_PROBLEM DESCRIPTION_: All records below must be retyped exactly.

[DATA FOR PROCESSING Boundary: Start]

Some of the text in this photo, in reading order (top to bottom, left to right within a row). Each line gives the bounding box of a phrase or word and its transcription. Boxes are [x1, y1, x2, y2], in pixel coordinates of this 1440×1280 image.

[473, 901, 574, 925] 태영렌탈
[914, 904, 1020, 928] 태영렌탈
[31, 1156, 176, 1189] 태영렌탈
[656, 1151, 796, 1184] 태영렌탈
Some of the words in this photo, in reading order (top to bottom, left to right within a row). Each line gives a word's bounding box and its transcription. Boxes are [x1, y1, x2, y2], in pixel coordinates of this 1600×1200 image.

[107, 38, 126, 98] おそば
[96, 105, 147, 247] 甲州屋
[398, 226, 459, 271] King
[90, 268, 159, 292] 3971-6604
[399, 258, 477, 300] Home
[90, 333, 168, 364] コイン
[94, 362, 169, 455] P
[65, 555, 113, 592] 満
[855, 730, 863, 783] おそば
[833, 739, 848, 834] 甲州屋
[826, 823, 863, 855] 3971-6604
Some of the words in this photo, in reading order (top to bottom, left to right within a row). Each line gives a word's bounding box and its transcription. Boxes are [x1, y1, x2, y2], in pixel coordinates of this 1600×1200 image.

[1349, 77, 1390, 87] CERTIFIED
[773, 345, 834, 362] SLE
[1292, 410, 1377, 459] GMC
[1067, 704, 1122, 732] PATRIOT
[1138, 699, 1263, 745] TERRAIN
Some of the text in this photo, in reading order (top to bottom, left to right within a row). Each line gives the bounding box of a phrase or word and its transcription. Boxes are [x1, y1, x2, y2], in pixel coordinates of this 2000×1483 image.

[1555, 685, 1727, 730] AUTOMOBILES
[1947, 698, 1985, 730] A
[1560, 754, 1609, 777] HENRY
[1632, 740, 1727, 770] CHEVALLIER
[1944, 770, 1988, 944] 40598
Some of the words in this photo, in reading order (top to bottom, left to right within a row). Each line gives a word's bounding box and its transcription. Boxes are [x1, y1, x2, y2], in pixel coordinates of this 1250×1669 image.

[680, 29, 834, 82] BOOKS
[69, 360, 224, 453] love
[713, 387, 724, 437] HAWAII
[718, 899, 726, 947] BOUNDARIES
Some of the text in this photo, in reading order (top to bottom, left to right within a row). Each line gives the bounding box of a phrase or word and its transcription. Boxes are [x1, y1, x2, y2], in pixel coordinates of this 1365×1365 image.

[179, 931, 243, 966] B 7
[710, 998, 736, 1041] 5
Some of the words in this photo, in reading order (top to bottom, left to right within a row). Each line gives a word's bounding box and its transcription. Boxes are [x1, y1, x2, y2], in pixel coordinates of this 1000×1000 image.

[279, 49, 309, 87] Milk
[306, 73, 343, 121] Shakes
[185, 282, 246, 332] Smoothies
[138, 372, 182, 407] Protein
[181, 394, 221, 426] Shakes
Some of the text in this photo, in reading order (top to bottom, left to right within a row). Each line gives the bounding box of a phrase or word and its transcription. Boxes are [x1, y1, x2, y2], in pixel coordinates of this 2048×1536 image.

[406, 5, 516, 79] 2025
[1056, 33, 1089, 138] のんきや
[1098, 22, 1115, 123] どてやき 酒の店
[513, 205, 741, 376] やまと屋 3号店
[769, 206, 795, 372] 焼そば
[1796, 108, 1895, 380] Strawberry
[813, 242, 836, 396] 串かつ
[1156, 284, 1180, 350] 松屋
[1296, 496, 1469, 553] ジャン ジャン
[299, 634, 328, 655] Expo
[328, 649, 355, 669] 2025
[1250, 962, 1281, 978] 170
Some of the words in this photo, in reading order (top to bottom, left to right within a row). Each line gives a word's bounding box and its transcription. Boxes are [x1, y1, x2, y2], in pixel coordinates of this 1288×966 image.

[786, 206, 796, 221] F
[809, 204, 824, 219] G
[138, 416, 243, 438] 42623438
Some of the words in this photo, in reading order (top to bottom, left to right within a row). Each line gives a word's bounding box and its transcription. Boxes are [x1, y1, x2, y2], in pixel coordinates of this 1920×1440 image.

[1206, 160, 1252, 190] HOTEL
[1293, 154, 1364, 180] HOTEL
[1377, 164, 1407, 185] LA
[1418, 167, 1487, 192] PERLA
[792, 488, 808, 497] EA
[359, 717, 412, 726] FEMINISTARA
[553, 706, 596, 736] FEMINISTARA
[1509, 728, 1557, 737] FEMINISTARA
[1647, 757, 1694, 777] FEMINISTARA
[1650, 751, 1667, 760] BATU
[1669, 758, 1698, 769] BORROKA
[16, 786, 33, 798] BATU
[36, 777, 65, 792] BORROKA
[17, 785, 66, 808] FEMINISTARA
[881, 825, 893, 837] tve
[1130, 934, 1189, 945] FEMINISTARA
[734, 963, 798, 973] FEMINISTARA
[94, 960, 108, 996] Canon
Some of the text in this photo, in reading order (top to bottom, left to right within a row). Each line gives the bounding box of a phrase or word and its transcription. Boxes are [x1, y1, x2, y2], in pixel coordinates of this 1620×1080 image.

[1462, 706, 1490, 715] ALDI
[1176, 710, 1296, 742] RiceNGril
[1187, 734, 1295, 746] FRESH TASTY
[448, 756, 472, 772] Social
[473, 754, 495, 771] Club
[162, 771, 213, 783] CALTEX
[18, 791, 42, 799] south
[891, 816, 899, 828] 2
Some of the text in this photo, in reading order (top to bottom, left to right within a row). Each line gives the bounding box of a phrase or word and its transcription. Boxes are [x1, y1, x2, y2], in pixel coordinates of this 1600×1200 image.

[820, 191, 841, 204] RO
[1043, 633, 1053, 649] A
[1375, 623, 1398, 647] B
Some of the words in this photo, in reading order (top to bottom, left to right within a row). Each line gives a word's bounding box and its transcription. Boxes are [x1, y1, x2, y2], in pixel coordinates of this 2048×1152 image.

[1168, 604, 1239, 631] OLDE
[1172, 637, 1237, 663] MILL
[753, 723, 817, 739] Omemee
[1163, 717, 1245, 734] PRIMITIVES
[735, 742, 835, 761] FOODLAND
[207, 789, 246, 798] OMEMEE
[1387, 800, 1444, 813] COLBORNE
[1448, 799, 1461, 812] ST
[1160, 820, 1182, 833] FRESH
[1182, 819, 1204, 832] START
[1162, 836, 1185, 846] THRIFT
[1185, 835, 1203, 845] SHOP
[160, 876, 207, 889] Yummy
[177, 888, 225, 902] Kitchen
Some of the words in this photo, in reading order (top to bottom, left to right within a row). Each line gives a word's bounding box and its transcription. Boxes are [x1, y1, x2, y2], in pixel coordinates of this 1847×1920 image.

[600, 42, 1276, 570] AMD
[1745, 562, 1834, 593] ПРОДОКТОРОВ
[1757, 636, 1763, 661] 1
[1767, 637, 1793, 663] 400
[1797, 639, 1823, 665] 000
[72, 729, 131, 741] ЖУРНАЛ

[DATA FOR PROCESSING Boundary: End]

_REPLY_:
Some of the text in this photo, in reading order (top to bottom, left to right within a row). Each line gives the bounding box of a phrase or word and its transcription. Boxes are [x1, y1, x2, y2], in pixel coordinates of this 1440×1280 image.

[473, 901, 574, 925] 태영렌탈
[914, 904, 1020, 928] 태영렌탈
[31, 1156, 176, 1189] 태영렌탈
[656, 1151, 796, 1184] 태영렌탈
Some of the words in this photo, in reading order (top to bottom, left to right within a row). Each line gives a word's bounding box and its transcription. Boxes are [x1, y1, x2, y2], in pixel coordinates of this 1600×1200 image.

[107, 38, 126, 98] おそば
[96, 105, 147, 247] 甲州屋
[398, 226, 459, 271] King
[90, 268, 159, 292] 3971-6604
[399, 258, 477, 300] Home
[90, 333, 168, 364] コイン
[94, 362, 169, 455] P
[65, 555, 113, 592] 満
[855, 730, 863, 783] おそば
[833, 739, 848, 834] 甲州屋
[826, 823, 863, 855] 3971-6604
Some of the words in this photo, in reading order (top to bottom, left to right within a row). Each line gives a word's bounding box and its transcription. Boxes are [x1, y1, x2, y2], in pixel coordinates of this 1600×1200 image.

[1349, 77, 1390, 87] CERTIFIED
[773, 345, 834, 362] SLE
[1292, 410, 1377, 459] GMC
[1067, 704, 1122, 732] PATRIOT
[1138, 699, 1263, 745] TERRAIN
Some of the text in this photo, in reading order (top to bottom, left to right within a row). Each line gives the bounding box of a phrase or word and its transcription. Boxes are [x1, y1, x2, y2], in pixel coordinates of this 2000×1483 image.

[1555, 685, 1727, 730] AUTOMOBILES
[1947, 698, 1985, 730] A
[1560, 754, 1609, 777] HENRY
[1632, 740, 1727, 770] CHEVALLIER
[1944, 770, 1988, 944] 40598
Some of the words in this photo, in reading order (top to bottom, left to right within a row). Each line gives a word's bounding box and its transcription. Boxes are [x1, y1, x2, y2], in pixel coordinates of this 1250×1669 image.

[680, 29, 834, 82] BOOKS
[69, 360, 224, 453] love
[713, 387, 724, 437] HAWAII
[718, 899, 726, 947] BOUNDARIES
Some of the text in this photo, in reading order (top to bottom, left to right within a row). Each line gives the bounding box of a phrase or word and its transcription. Boxes are [x1, y1, x2, y2], in pixel coordinates of this 1365×1365 image.

[179, 931, 243, 966] B 7
[710, 998, 736, 1041] 5
Some of the words in this photo, in reading order (top to bottom, left to right within a row). Each line gives a word's bounding box and its transcription. Boxes are [x1, y1, x2, y2], in pixel coordinates of this 1000×1000 image.

[279, 49, 309, 87] Milk
[306, 73, 343, 121] Shakes
[185, 282, 246, 332] Smoothies
[138, 372, 182, 407] Protein
[181, 394, 221, 426] Shakes
Some of the text in this photo, in reading order (top to bottom, left to right within a row). Each line gives the bounding box of a phrase or word and its transcription. Boxes are [x1, y1, x2, y2], in pixel coordinates of this 2048×1536 image.

[406, 5, 516, 79] 2025
[1056, 33, 1089, 138] のんきや
[1098, 22, 1115, 123] どてやき 酒の店
[513, 205, 741, 376] やまと屋 3号店
[769, 206, 795, 372] 焼そば
[1796, 108, 1895, 380] Strawberry
[813, 242, 836, 396] 串かつ
[1156, 284, 1180, 350] 松屋
[1296, 496, 1469, 553] ジャン ジャン
[299, 634, 328, 655] Expo
[328, 649, 355, 669] 2025
[1250, 962, 1281, 978] 170
Some of the words in this photo, in reading order (top to bottom, left to right within a row). Each line gives a word's bounding box and its transcription. Boxes are [x1, y1, x2, y2], in pixel coordinates of this 1288×966 image.

[786, 206, 796, 221] F
[809, 204, 824, 219] G
[138, 416, 243, 438] 42623438
Some of the words in this photo, in reading order (top to bottom, left to right within a row). Each line gives a word's bounding box and its transcription. Boxes are [x1, y1, x2, y2], in pixel coordinates of this 1920×1440 image.

[1206, 160, 1252, 190] HOTEL
[1293, 154, 1364, 180] HOTEL
[1377, 164, 1407, 185] LA
[1418, 167, 1487, 192] PERLA
[792, 488, 808, 497] EA
[359, 717, 412, 726] FEMINISTARA
[553, 706, 596, 736] FEMINISTARA
[1509, 728, 1557, 737] FEMINISTARA
[1647, 757, 1694, 777] FEMINISTARA
[1650, 751, 1667, 760] BATU
[1669, 758, 1698, 769] BORROKA
[16, 786, 33, 798] BATU
[36, 777, 65, 792] BORROKA
[17, 785, 66, 808] FEMINISTARA
[881, 825, 893, 837] tve
[1130, 934, 1189, 945] FEMINISTARA
[734, 963, 798, 973] FEMINISTARA
[94, 960, 108, 996] Canon
Some of the text in this photo, in reading order (top to bottom, left to right within a row). Each line gives the bounding box of a phrase or word and its transcription. Boxes are [x1, y1, x2, y2], in pixel coordinates of this 1620×1080 image.

[1462, 706, 1490, 715] ALDI
[1176, 710, 1296, 742] RiceNGril
[1187, 734, 1295, 746] FRESH TASTY
[448, 756, 472, 772] Social
[473, 754, 495, 771] Club
[162, 771, 213, 783] CALTEX
[18, 791, 42, 799] south
[891, 816, 899, 828] 2
Some of the text in this photo, in reading order (top to bottom, left to right within a row). Each line gives the bounding box of a phrase or word and its transcription. Boxes are [x1, y1, x2, y2], in pixel coordinates of this 1600×1200 image.

[820, 191, 841, 204] RO
[1043, 633, 1053, 649] A
[1375, 623, 1398, 647] B
Some of the words in this photo, in reading order (top to bottom, left to right within a row). Each line gives a word's bounding box and its transcription. Boxes are [x1, y1, x2, y2], in pixel coordinates of this 2048×1152 image.

[1168, 604, 1239, 631] OLDE
[1172, 637, 1237, 663] MILL
[753, 723, 817, 739] Omemee
[1163, 717, 1245, 734] PRIMITIVES
[735, 742, 835, 761] FOODLAND
[207, 789, 246, 798] OMEMEE
[1387, 800, 1444, 813] COLBORNE
[1448, 799, 1461, 812] ST
[1160, 820, 1182, 833] FRESH
[1182, 819, 1204, 832] START
[1162, 836, 1185, 846] THRIFT
[1185, 835, 1203, 845] SHOP
[160, 876, 207, 889] Yummy
[177, 888, 225, 902] Kitchen
Some of the words in this photo, in reading order (top to bottom, left to right within a row). Each line gives a word's bounding box and its transcription. Boxes are [x1, y1, x2, y2], in pixel coordinates of this 1847×1920 image.

[600, 42, 1276, 570] AMD
[1745, 562, 1834, 593] ПРОДОКТОРОВ
[1757, 636, 1763, 661] 1
[1767, 637, 1793, 663] 400
[1797, 639, 1823, 665] 000
[72, 729, 131, 741] ЖУРНАЛ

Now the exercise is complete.